[DATA PROVIDED — start]
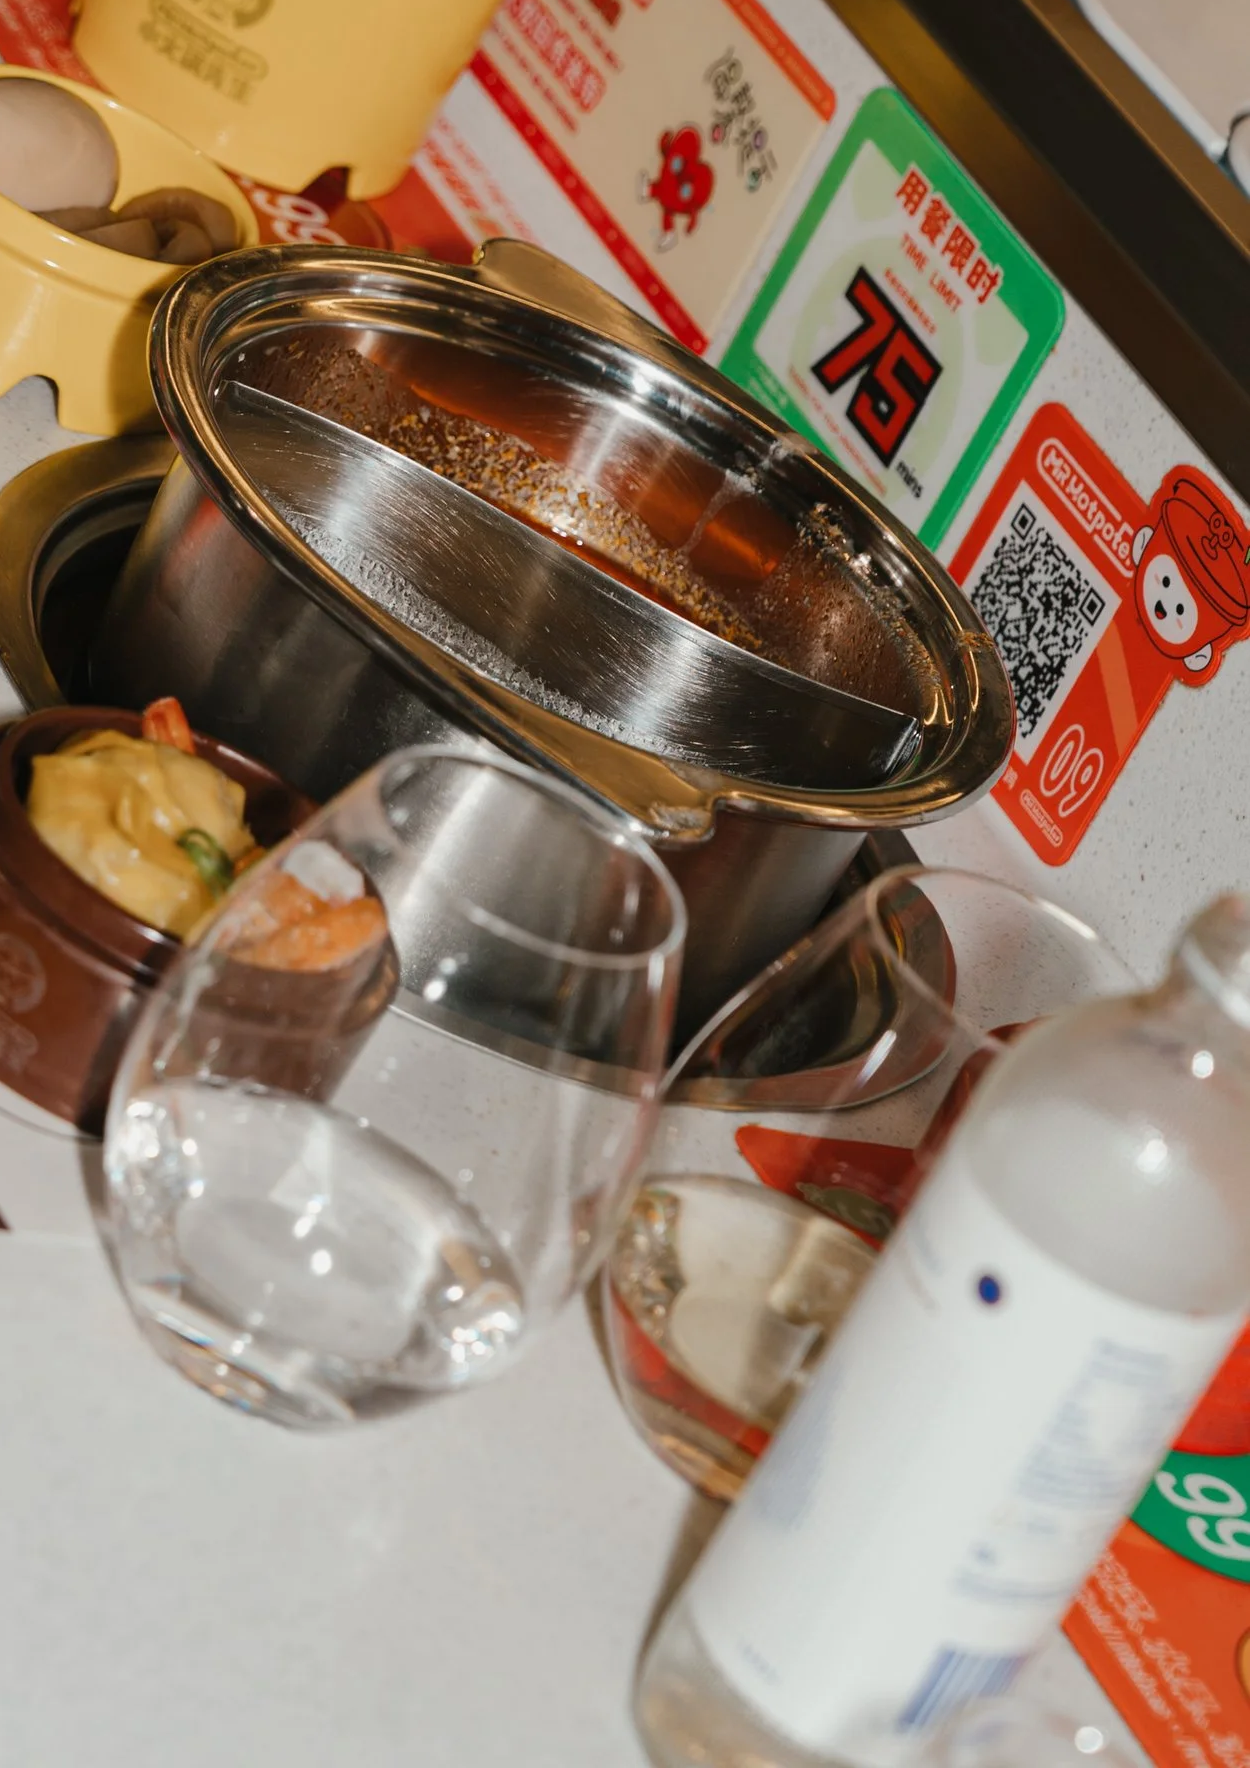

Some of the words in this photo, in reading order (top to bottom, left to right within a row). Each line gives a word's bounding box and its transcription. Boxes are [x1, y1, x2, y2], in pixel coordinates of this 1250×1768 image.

[893, 167, 1004, 307] 用餐限时
[897, 232, 930, 275] TIME
[927, 269, 963, 316] LIMIT
[810, 265, 944, 468] 75
[895, 460, 924, 502] mins
[1041, 726, 1103, 816] 09
[DATA PROVIDED — finish]
Reproduce every line of the material precisely, omitting its pictures.

OUTPUT ▸
Some of the words in this photo, in reading order (top to bottom, left to right within a row). Each line gives a word's bounding box and its transcription. Boxes are [x1, y1, x2, y2], in pixel coordinates of this 1250×1768 image.

[893, 167, 1004, 307] 用餐限时
[897, 232, 930, 275] TIME
[927, 269, 963, 316] LIMIT
[810, 265, 944, 468] 75
[895, 460, 924, 502] mins
[1041, 726, 1103, 816] 09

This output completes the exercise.